Have the economic assumptions changed?

The
MYEFO said that over the forward estimates a $54.3 billion
deterioration in the projected combined deficit since the PEFO was
caused by "parameter and other variations" changes.


These included:

  • changes
    to the parameters for determining tax receipts, which will result in
    the government receiving $37.8 billion less over the forward estimates
    than forecast in the PEFO;
  • a change to the terms of trade
    methodology, reducing economic growth forecasts, causing a $2 billion
    hit to the bottom line over the forward estimates;
  • a change in the projected unemployment rate, leading to higher benefits payments totalling $3.7 billion extra
Mr
Bowen accurately quotes the MYEFO in stating that the economic
assumptions have changed, with a resulting negative effect on the budget
deficit.


The biggest single change between the PEFO and the MYEFO
is the projection that lower government revenue from tax will add $37.8
billion of the $68 billion increase to the deficit over the forward
estimates, which is approximately 55 per cent. Thanks to a gloomier
outlook for economic growth, the MYEFO contains downward revisions to
forecasts of wage growth and corporate profitability.


"A
softening in the economic outlook has resulted in significantly lower
nominal GDP, which has largely driven the reduction in tax receipts by
more than $37 billion over the forward estimates," the MYEFO said.


The
changed outlook is reflected in these reductions in forecast growth in
gross domestic product for the forward estimates in the PEFO and the
MYEFO:



2013-143014-152015-162016-17
PEFO (August 2013)3.75%4.5%5.25%5.25%
MYEFO (December 2013)3.5%3.5%4.75%4.75%
The
main difference between the PEFO and the MYEFO was a more pessimistic
view about the impact on the economy of the end of the mining investment
boom.
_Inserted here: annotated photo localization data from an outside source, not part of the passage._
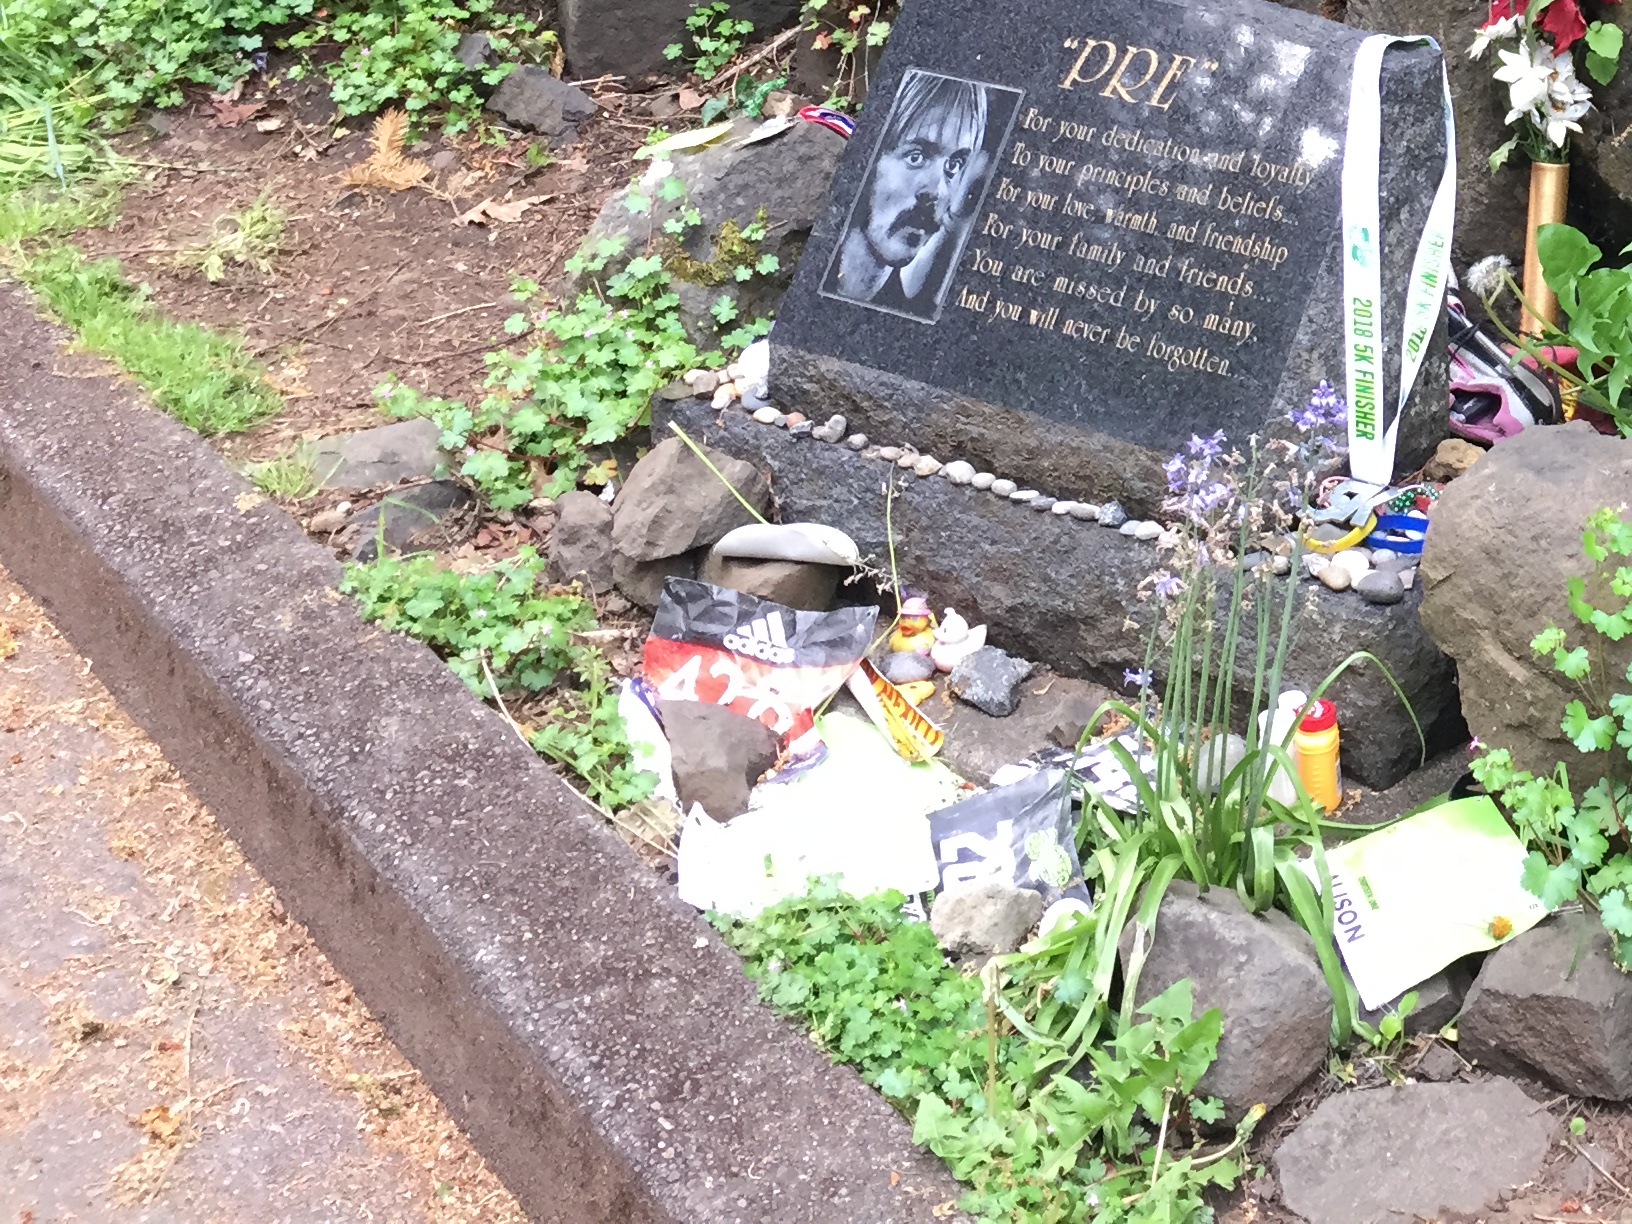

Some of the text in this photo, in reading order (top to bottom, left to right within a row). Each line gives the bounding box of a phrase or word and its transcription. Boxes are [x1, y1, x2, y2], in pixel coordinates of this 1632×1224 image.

[1011, 141, 1032, 167] To
[1034, 150, 1074, 177] your
[1080, 163, 1169, 198] principles
[1176, 182, 1213, 206] and
[1021, 107, 1315, 194] For your dedication and loyalty
[981, 212, 1010, 239] For
[1014, 226, 1062, 251] your
[1068, 231, 1127, 273] family
[1133, 254, 1174, 278] and
[996, 177, 1021, 202] For
[1018, 190, 1059, 213] your
[1167, 219, 1200, 243] and
[1202, 222, 1289, 271] friendship
[955, 286, 990, 312] And
[988, 299, 1023, 323] you
[1028, 307, 1059, 331] will
[1062, 319, 1111, 344] never
[1115, 326, 1142, 353] be
[970, 248, 1003, 276] You
[1011, 264, 1046, 287] are
[1052, 275, 1128, 308] missed
[1134, 289, 1161, 322] by
[1167, 304, 1195, 324] so
[1353, 297, 1376, 441] 2018 5K FINISHER
[723, 633, 795, 664] adidas
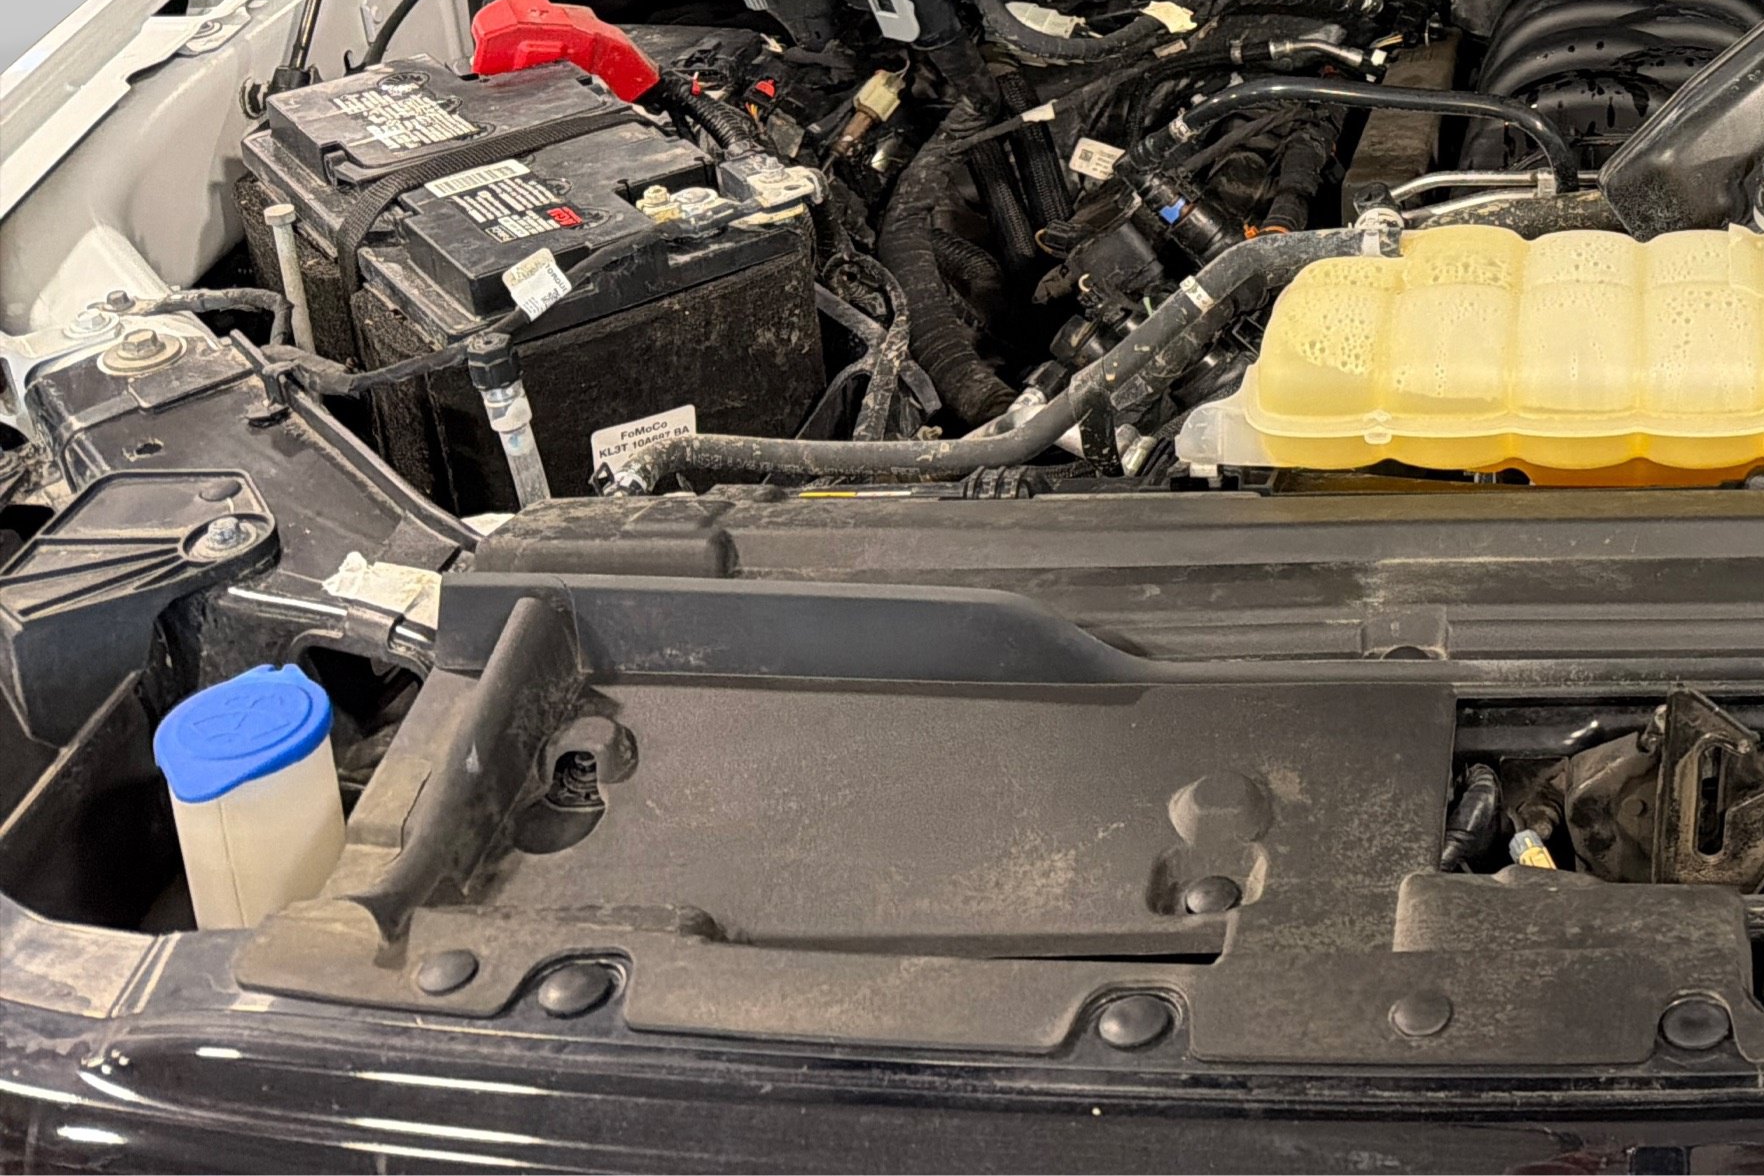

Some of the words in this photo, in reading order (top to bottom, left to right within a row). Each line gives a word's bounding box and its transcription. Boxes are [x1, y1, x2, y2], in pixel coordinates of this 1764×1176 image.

[599, 443, 629, 459] KL3T
[673, 425, 690, 437] BA
[620, 421, 668, 441] FoMoCo
The MYEFO said the fall in resources investment was expected to
be sharper than previously forecast, while recovery in the non-resources
sector was expected to be more gradual.


Are they 'Government' assumptions and projections?

Since
the MYEFO was released in December, Labor ministers have repeatedly
stated that the economic assumptions were "deliberately" adopted by the
Coalition Government and Mr Hockey in order to manufacture a budget
crisis. In his April 27 press conference, Mr Bowen said the projections
were based on the Government's assumptions: "Not even the Treasury or
Department of Finance's assumptions; [Mr Hockey's] own personal
forecasts as the Treasurer of Australia," he said.


It is difficult
to ascertain whether Mr Bowen has specific knowledge about what
information passed between Treasury and Mr Hockey, and how much
influence each had on the downgraded forecasts for economic growth. This
change underlies the doubling of the deficit. 


Mr Hockey has
repeatedly rejected Labor's allegations by telling Parliament that the
Government relies on economic projections modelled by Treasury. Mr Hockey said in Parliament
on March 18: "The fact of the matter is that we want to have the most
accurate forecast possible; that is what Treasury recommended, and that
is what we accept," he said.


He suggested Labor was to blame for
the need for changed assumptions. "The methodology that they [Treasury]
have used in MYEFO actually confirms the fact that Labor left the legacy
of increasing deficits to $123 billion..."


He also suggested
Labor' growth forecasts had been too optimistic, saying Labor had "no
sense of shame that they left a slower economy".


As set out above,
Treasury Secretary Martin Parkinson says forecasts and projections in
the MYEFO are ultimately decided by the Government.


The verdict

Mr Bowen accurately quoted changes totalling $68 billion in the Mid-Year Economic and Fiscal Outlook.

The
MYEFO forecasts a budget deficit twice as large as it was in the PEFO.
The economic assumptions in MYEFO are different from those used in the
PEFO, and there is spending in the MYEFO that was not in the previous
forecasts.


It remains to be seen how the two sets of forecasts stand the test of time, but as of today, Mr Bowen's claim checks out.